A fast block nonlinear Bregman-Kaczmarz method with averaging for nonlinear sparse signal recovery
Aqin Xiao, Xiangyu Gao, Jun-Feng Yin
TL;DR
The paper tackles sparse recovery from nonlinear measurements by addressing the nonlinear system $F(x)=0$ with a sparsity-promoting objective $\varphi$ and nonlinear Bregman projections. It introduces the averaging block nonlinear Bregman-Kaczmarz (ABNBK) method, offering constant and adaptive step-size variants that leverage block averaging and Bregman distances $D_\varphi^{x^*}$. The authors establish convergence rates under the local tangential cone condition and provide explicit linear-rate bounds for both constant and adaptive step-sizes, linked to problem conditioning.

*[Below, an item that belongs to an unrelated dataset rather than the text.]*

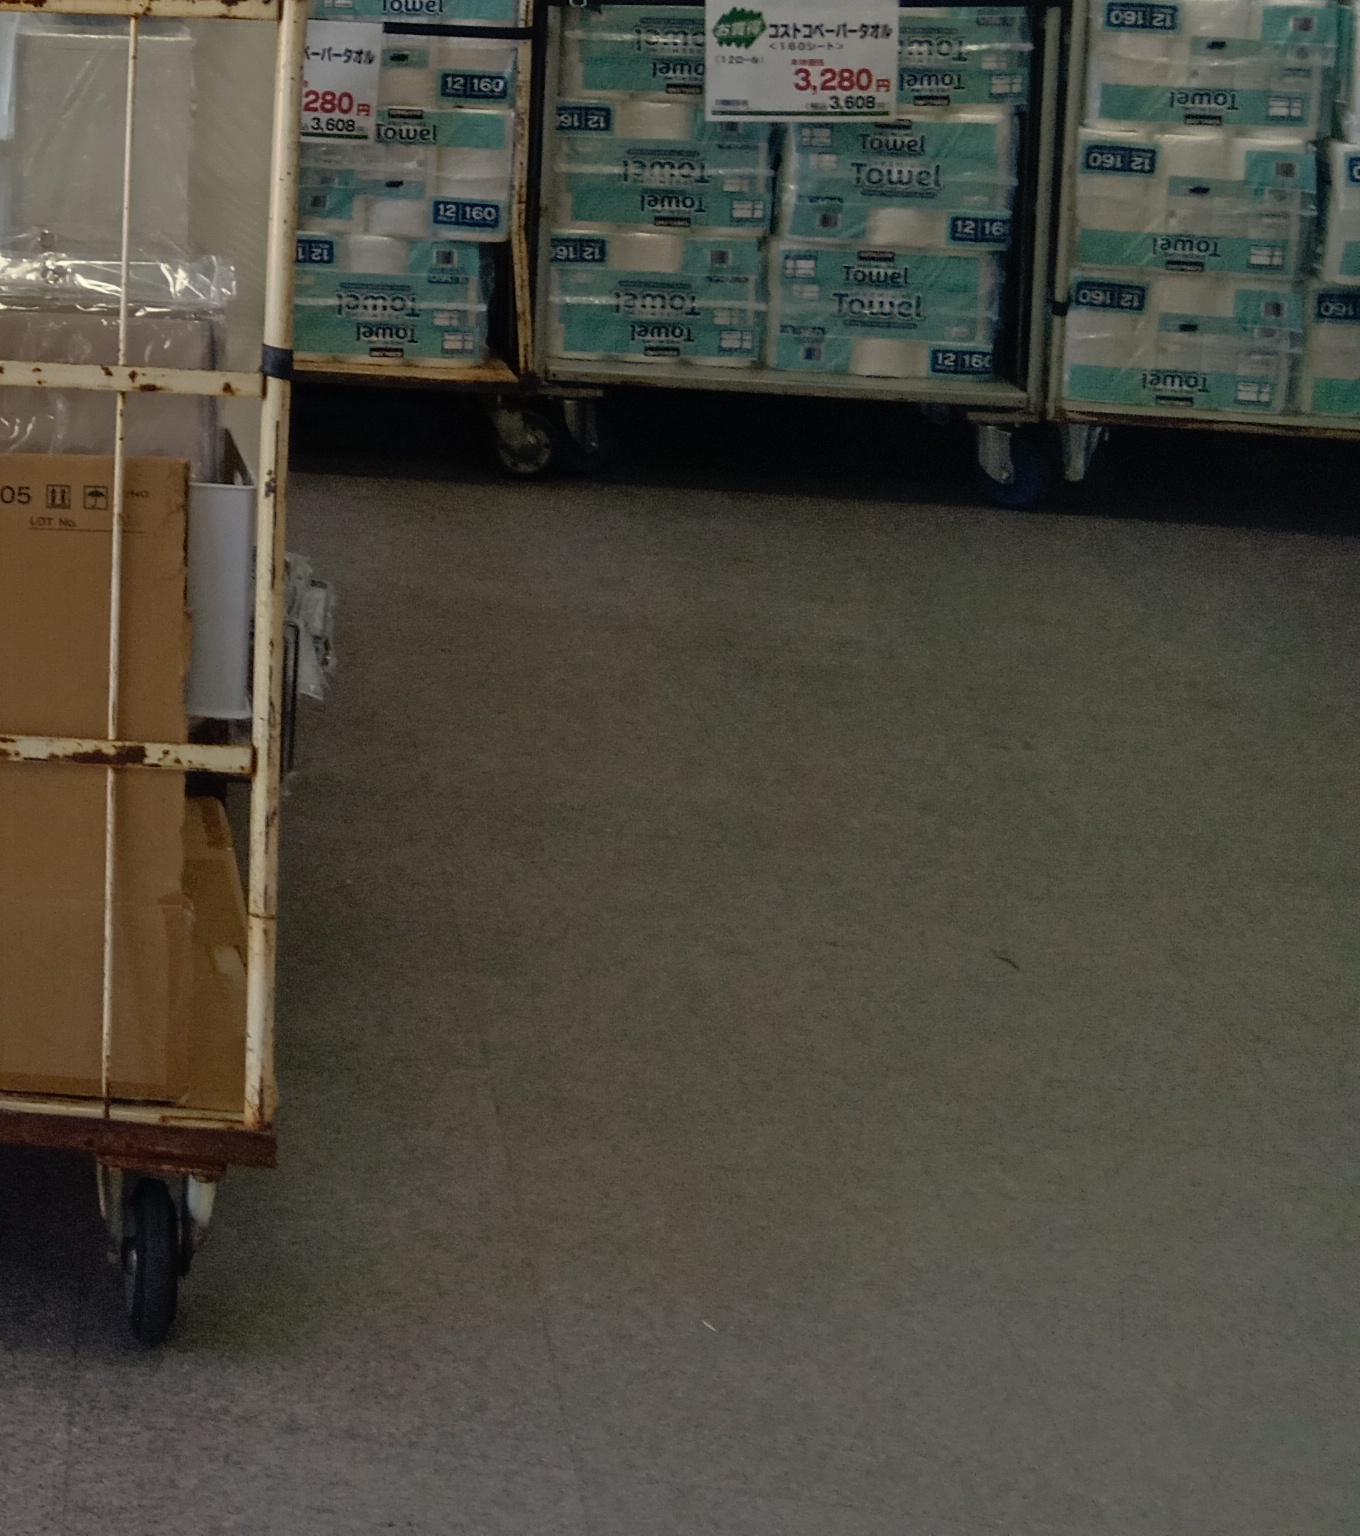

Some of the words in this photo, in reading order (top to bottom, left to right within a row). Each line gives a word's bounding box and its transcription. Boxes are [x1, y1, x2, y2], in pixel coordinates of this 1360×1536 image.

Numerical experiments demonstrate that ABNBK variants achieve faster convergence (fewer iterations and lower CPU time) than existing NBK and MRNBK methods across Gaussian and DCT-type measurement scenarios, confirming scalability to large nonlinear problems. Overall, the approach delivers provable efficiency gains and practical robustness for nonlinear sparse signal recovery.
Abstract
Recovery of a sparse signal from a nonlinear system arises in many practical applications including compressive sensing, image reconstruction and machine learning. In this paper, a fast block nonlinear Bregman-Kaczmarz method with averaging is presented for nonlinear sparse signal recovery problems. Theoretical analysis proves that the averaging block nonlinear Bregman-Kaczmarz method with both constant stepsizes and adaptive stepsizes are convergent. Numerical experiments demonstrate the effectiveness of the averaging block nonlinear Bregman-Kaczmarz method, which converges faster than the existing nonlinear Bregman-Kaczmarz methods.